Good morning. The price action in the stock market was indeed a little u-g-l-y on Wednesday. However, I ended my day with a smile as I definitely got a chuckle out of the bear camp's response after the close. Although our furry friends have had their heads handed to them on a platter for nearly three straight months, suddenly there was hope yesterday.
"This is it!" I was told. "This is the day that we've been waiting for... the day that proves the recent rally has been nothing but central bank-induced smoke and mirrors - you'll see! The economy is sagging again. The housing rebound is over. The Fed is going to pull the punch bowl. The consumer is going to go back into their cave. The sequester is coming. The charts are breaking down. And as a result (insert dramatic pause here) ... All of you dim witted bulls are doomed!"

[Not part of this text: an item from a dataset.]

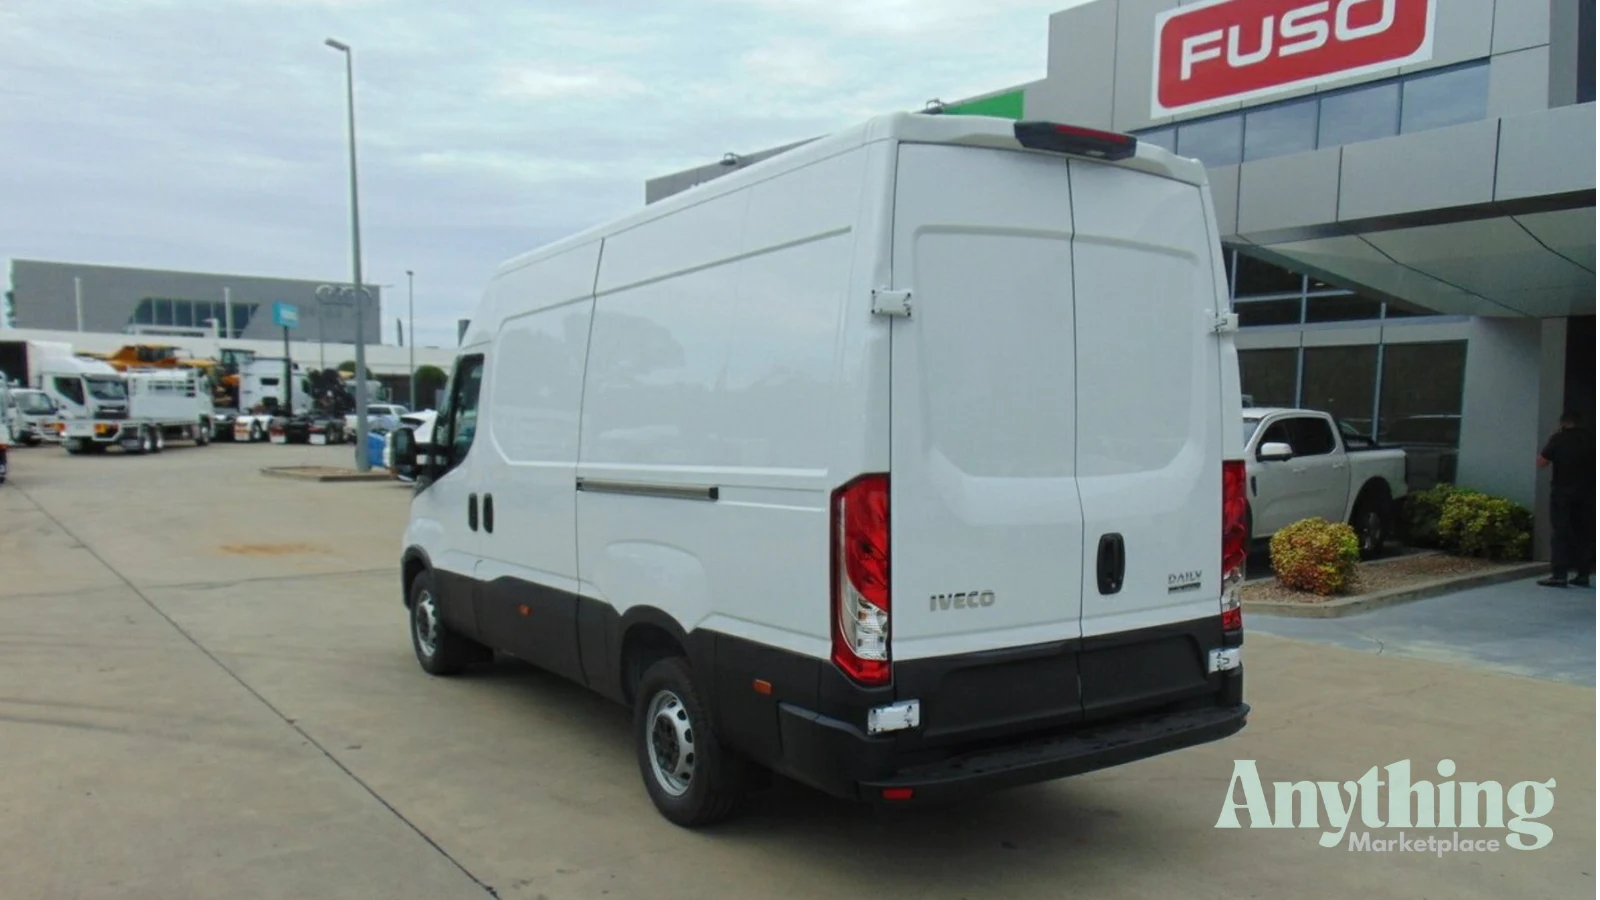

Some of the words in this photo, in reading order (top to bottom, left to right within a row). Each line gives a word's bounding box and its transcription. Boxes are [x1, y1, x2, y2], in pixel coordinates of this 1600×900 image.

Okay, I might be guilty of embellishing the comments made yesterday afternoon by my bearish colleagues just a bit. But frankly, I just can't resist poking a little fun at them. You see, while we've made some nice gains in nearly all of our strategies so far this year, the glass-is-always-empty crowd has been on the wrong side of a very nice trend (the S&P is still up +6.01% year-to-date and has risen nearly +12% since November 15th). And by being on the wrong side, I mean to say that they've either been in cash or worse yet, short. Either way, gains have been missed. Oops.
I attempted to make this point to my friends dressed in their bear costumes yesterday (you'd think it would get hot in there at some point), but they would hear nothing of it. I suggested that like February 4th, one day does not a trend make. But to these guys, it's as if making money on the downside is the only "pure" way to play the market or that riding an uptrend in the stock market is an unacceptable proposition. I tried to point out that there is still a very nice uptrend on the daily and weekly charts. But again, I was quickly rebuffed with talk of support and ma breaks, key reversal days, and 2 consecutive weak housing numbers.
To be sure, the current rally will end at some point. And okay, yes, there is a chance that it ended yesterday. However, I think there is a lot more to the story of yesterday's decline than the idea that suddenly a sea of investors (and/or their computers) suddenly decided that the jig was up.
Remember, my primary goal is to stay in tune with the overall market environment. And the bottom line is the Fed didn't say or hint at anything that would normally lead to a decline of more than 1% in the stock market. No, I believe that there were other factors at work as well.
First and foremost was the movement in the dollar/metals trade. The greenback enjoyed its biggest one-day gain in some time while gold, silver, copper, and steel got crushed. And in the case of gold, the key word here is again. At least part of the reason behind the dance to the downside in the metals was the spike in the dollar. But another part - perhaps a major part - was word that a large commodities hedge fund was "blowing up" (being forced to liquidate).
To review, when word gets out that a large fund is liquidating its holdings, the street goes into hyper drive because there is soon to be blood in the streets - as well as easy money to be made. Other managers quickly figure out what the fund in question holds and starts to sell those holdings. Why, you ask? In short, if you know that somebody is going to sell a boatload of gold and silver positions, it is a safe bet that prices are going to go down. So, why not front-run the move with some selling of your own?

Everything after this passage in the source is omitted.